Each registry extracted data on disease activity during the first year of treatment for each b/tsDMARD treatment course. Baseline data were captured within the time window −30 to +14 days from treatment initiation, and the 6-month follow-up visit from within 90 to 270 days thereafter. In case more than one visit occurred within a given time window, the one closest to the intended time point was selected.
Patients who had failed at least one TNFi due to inefficacy were identified based on information on previous treatment courses and reasons for treatment stop.
Patient characteristics at the start of an individual b/tsDMARD (baseline) were retrieved from the rheumatology registries and included gender, age, disease duration, disease activity, number of previous b/tsDMARD treatments and concomitant treatment with conventional synthetic (cs) DMARDs.

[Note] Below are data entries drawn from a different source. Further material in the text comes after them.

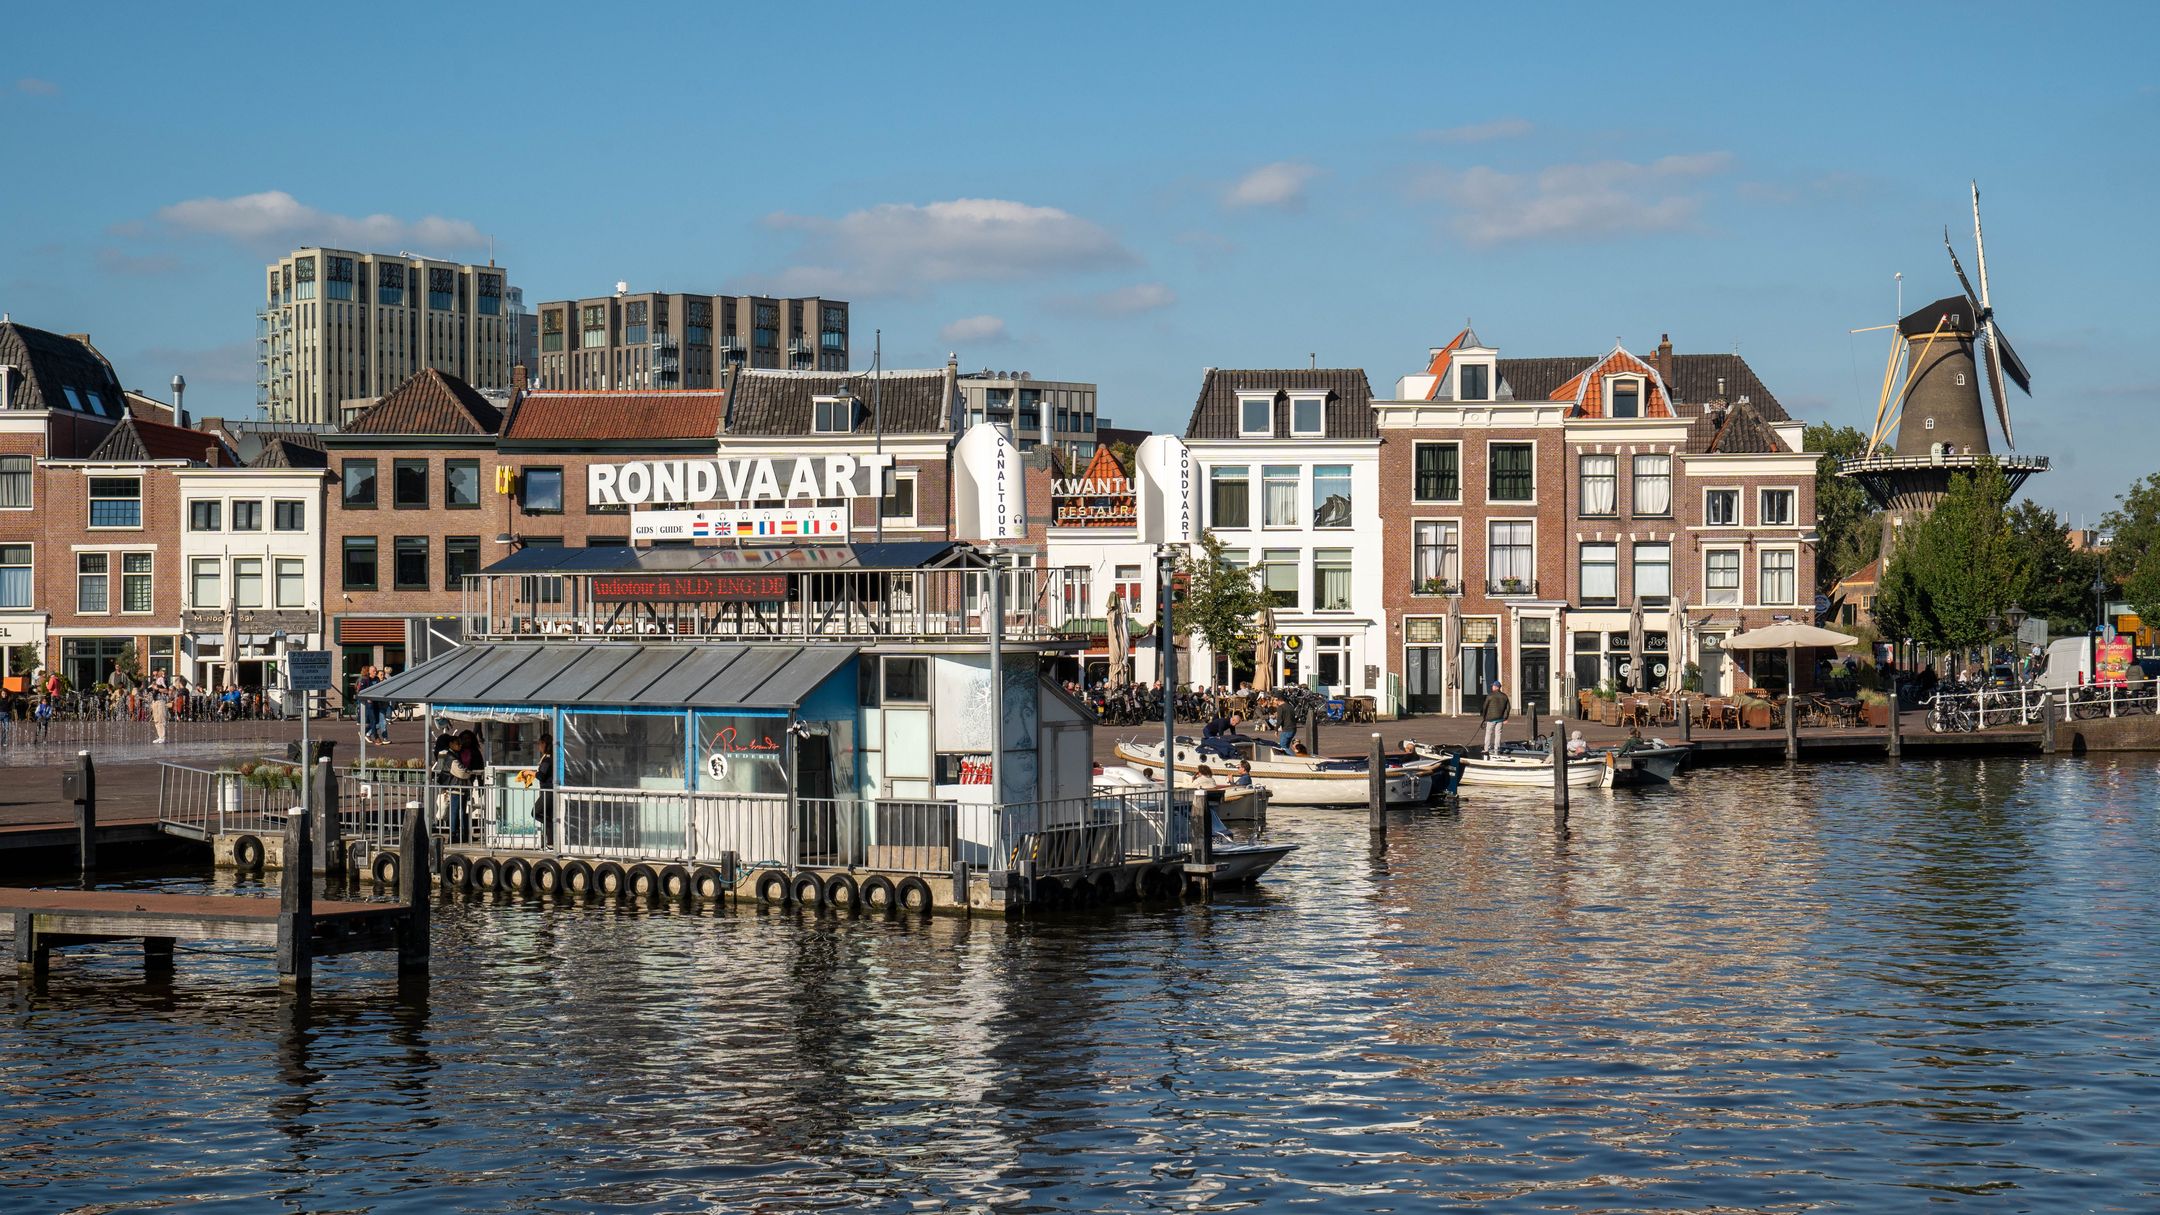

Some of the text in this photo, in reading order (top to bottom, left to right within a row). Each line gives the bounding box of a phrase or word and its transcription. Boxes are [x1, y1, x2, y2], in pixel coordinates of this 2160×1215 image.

[588, 454, 892, 505] RONDVAART
[997, 437, 1006, 536] CANALTOUR
[1181, 449, 1189, 540] RONDVAART
[635, 525, 684, 534] GIDS GUIDE
[659, 577, 671, 593] in
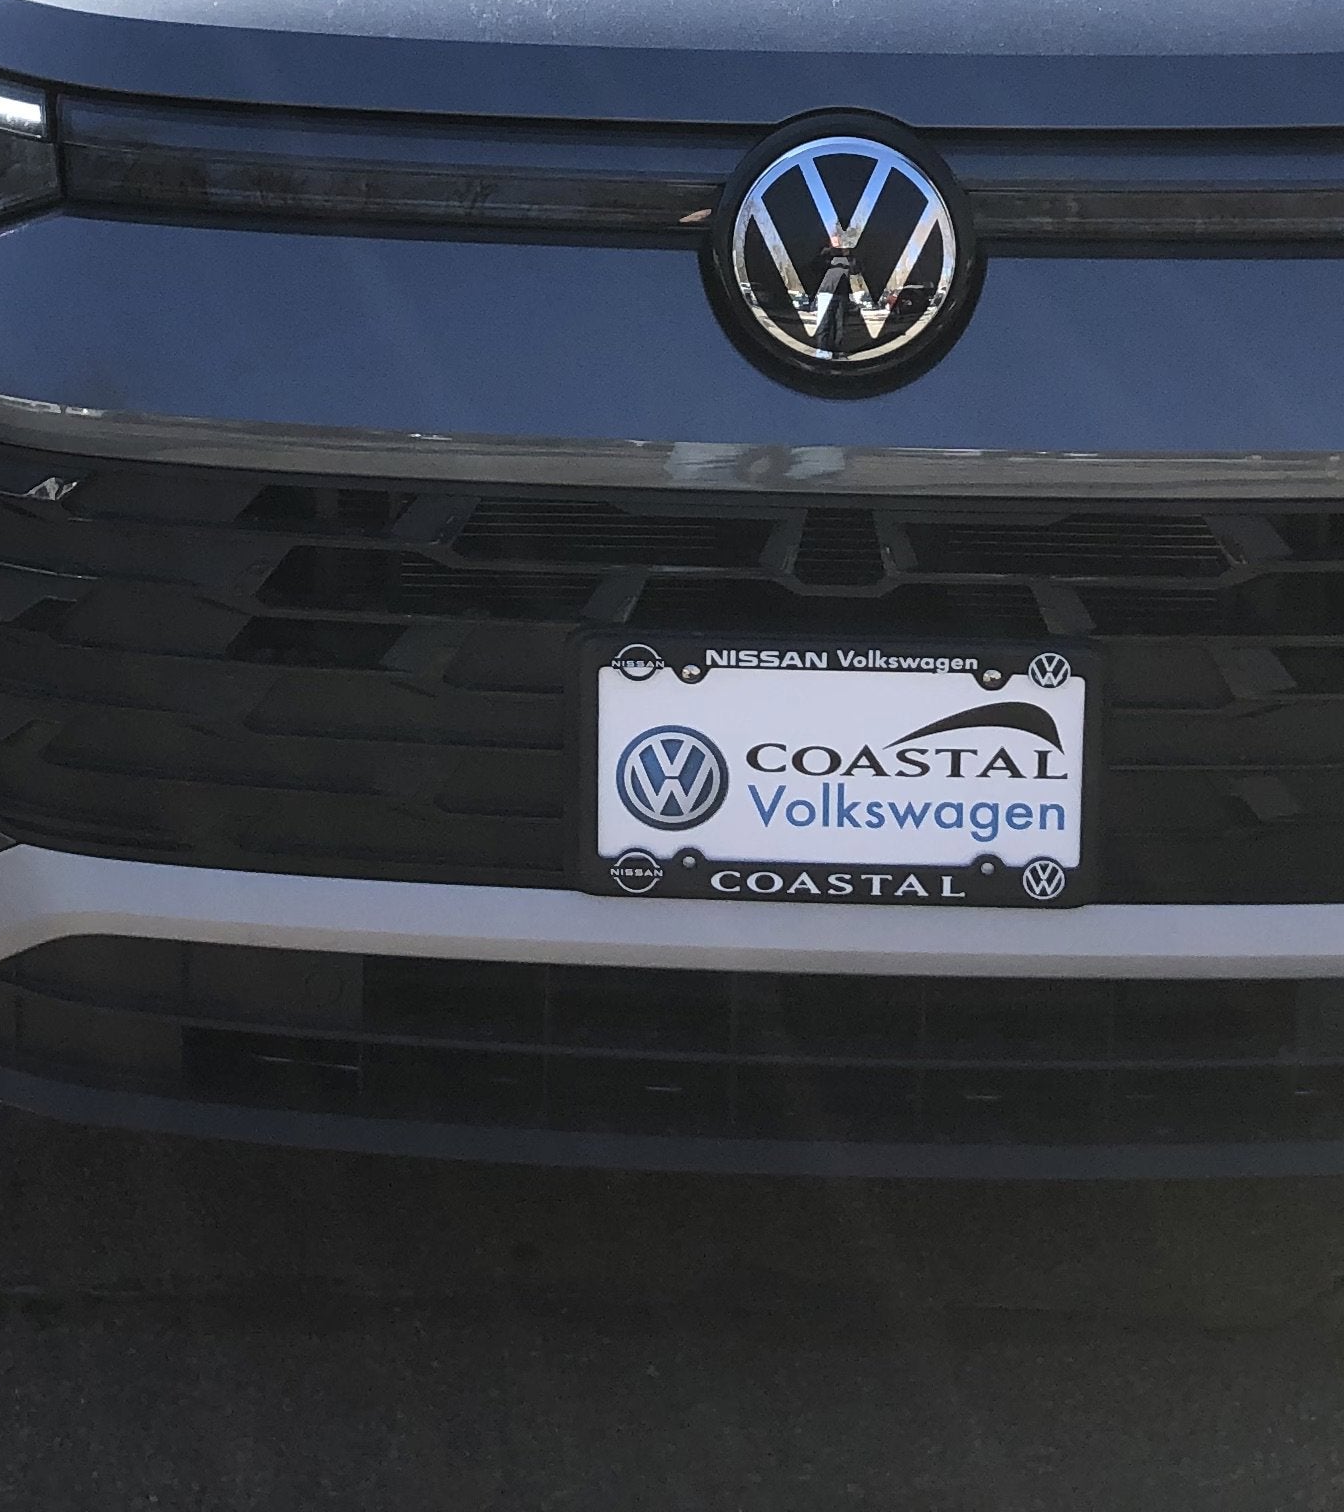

Disease activity was reported as C reactive protein (CRP, mg/L), patients’ global health score on Visual Analogue Scale (VAS, 0–100 mm), patients’ pain VAS score, Disease Activity Score based on 28-joint evaluation and Disease Activity Index for PSoriatic Arthritis based on 28-joint evaluation (DAPSA28).28
Extra-musculoskeletal manifestations included previous uveitis and inflammatory bowel disease. Comorbidity score was calculated by summing up the number of different comorbidities registered 0–5 years prior to baseline, indicating overall comorbidity burden. Definitions are presented in online supplemental table S1. Not all countries were able to deliver comorbidity linkage data for the full observation period (Denmark until August 2018, Finland until December 2018, and Sweden, Iceland and Norway for the whole study period).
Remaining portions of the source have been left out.